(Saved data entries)
--*--

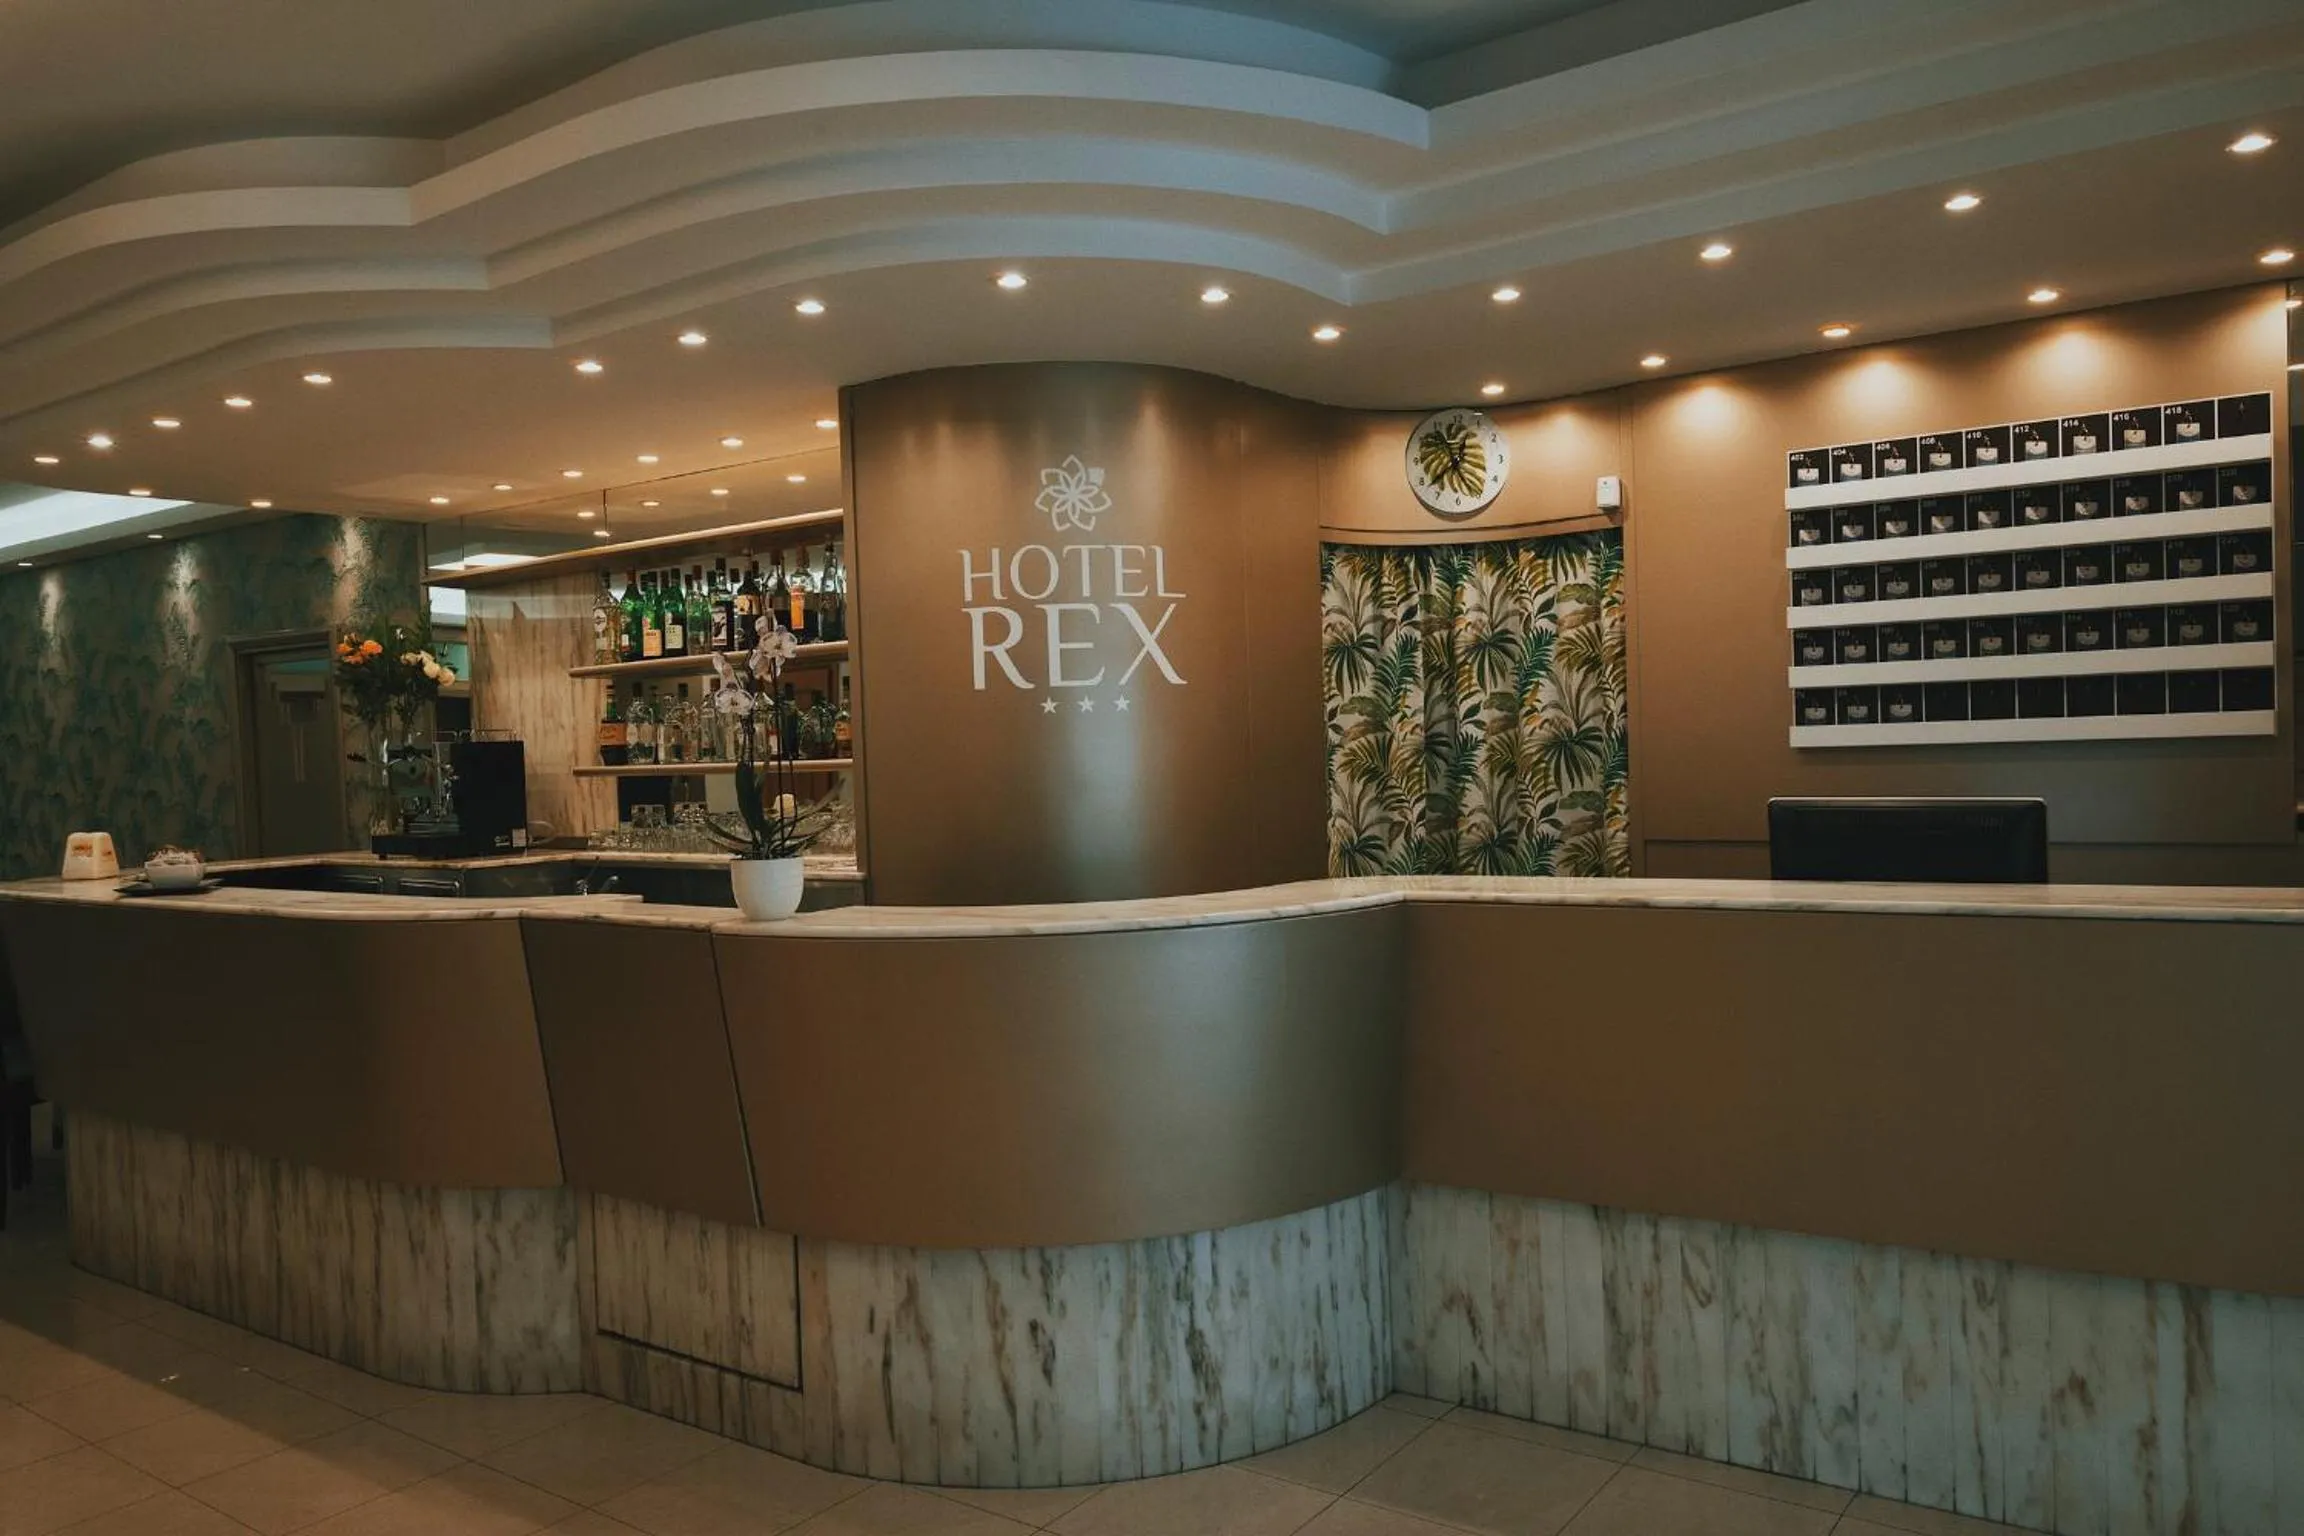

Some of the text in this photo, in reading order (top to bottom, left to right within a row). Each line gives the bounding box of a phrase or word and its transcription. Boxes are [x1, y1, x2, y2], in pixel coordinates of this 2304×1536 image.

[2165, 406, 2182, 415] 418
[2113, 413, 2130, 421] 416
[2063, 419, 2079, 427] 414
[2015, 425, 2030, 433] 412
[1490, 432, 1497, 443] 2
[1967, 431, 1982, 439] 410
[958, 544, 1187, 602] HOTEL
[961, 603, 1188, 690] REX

--*--

Leave the images aside and transcribe all entries exactly.

Some of the text in this photo, in reading order (top to bottom, left to right within a row). Each line gives the bounding box of a phrase or word and its transcription. Boxes are [x1, y1, x2, y2], in pixel coordinates of this 2304×1536 image.

[2165, 406, 2182, 415] 418
[2113, 413, 2130, 421] 416
[2063, 419, 2079, 427] 414
[2015, 425, 2030, 433] 412
[1490, 432, 1497, 443] 2
[1967, 431, 1982, 439] 410
[958, 544, 1187, 602] HOTEL
[961, 603, 1188, 690] REX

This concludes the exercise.